Thank you Mr Narey. We hope Michael Gove and David Cameron are listening.

By Sarah Wellard,
Policy and Research Manager, Grandparents Plus

We welcome the strong endorsement of kinship care from Martin Narey, the Government’s adoption adviser. In this week’s Children and Young People Now magazine he says, “I believe that first you try to reunite families, second you go to kinship carers – and only then do you look for adoption.”

We hope he will pass on this message to Michael Gove and David Cameron. There’s a real risk that current plans for speeding up adoption, combined with cuts to Legal Aid, will have the unintended consequence of making it harder for relatives to step in to keep children out of care.

We also welcome Mr Narey’s recognition that there is an urgent need to make kinship care more affordable, for grandparents in particular. As well as usually being the best choice for children who can’t live with their parents, kinship care makes good financial sense. It costs councils on average £40,000 a year to a keep a child in independent foster care. But for many grandparents and other family members who are bringing up vulnerable children who would otherwise be in care, the price is dear indeed. A recent FRG survey found that a third of kinship carers have family incomes of £350 a week or below, including any benefits or allowances they get, and 11% have to manage on below £200. Grandparents Plus’s recent report Giving up the day job? found that nearly half of working kinship carers gave up work when children moved in and more than four in ten are now on benefits as a result..
 
As one grandmother we spoke to commented:

“It’s exhausting, especially the poverty side of it.  Never being able to afford a holiday et cetera. Because you have initially given up work, you can’t get another job and are therefore pushed into poverty for the rest of your life.  No pension means you’re always on state benefits.”

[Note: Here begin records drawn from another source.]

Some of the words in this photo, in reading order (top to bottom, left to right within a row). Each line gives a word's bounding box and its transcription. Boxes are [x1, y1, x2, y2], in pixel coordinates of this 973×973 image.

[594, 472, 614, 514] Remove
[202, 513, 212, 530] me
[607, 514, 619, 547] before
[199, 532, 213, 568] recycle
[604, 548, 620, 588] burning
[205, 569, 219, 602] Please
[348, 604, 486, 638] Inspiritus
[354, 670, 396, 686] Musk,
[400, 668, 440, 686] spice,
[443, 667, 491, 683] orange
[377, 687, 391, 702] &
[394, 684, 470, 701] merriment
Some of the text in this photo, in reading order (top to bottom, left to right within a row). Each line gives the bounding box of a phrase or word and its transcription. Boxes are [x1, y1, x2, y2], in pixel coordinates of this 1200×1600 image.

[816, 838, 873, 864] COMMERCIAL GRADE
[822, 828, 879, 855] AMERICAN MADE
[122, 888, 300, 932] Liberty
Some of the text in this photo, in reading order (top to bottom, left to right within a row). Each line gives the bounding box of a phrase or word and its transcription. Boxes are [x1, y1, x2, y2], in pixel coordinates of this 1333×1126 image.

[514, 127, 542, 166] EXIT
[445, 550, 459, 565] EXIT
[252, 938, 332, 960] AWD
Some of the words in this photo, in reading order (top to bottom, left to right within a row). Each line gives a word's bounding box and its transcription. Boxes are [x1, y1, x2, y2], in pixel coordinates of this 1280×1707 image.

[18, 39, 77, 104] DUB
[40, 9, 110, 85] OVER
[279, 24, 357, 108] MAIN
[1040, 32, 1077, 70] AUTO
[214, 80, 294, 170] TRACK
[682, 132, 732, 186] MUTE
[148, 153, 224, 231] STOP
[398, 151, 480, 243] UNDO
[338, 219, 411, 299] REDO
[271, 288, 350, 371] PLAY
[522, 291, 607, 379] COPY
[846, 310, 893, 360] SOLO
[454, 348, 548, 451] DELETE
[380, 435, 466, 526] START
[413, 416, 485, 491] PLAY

It’s something of a lottery whether, as a kinship carer, you manage to get support from your local council – and all too often you don’t.  Around half of councils still don’t even have a policy on family and friends care – almost a year after the legal deadline to publish one.

Mr Gove and Mr Cameron, we hope you are listening to your adviser.
It’s high time you recognised the fantastic job kinship carers do, and give them the same profile that you are currently giving to adoption.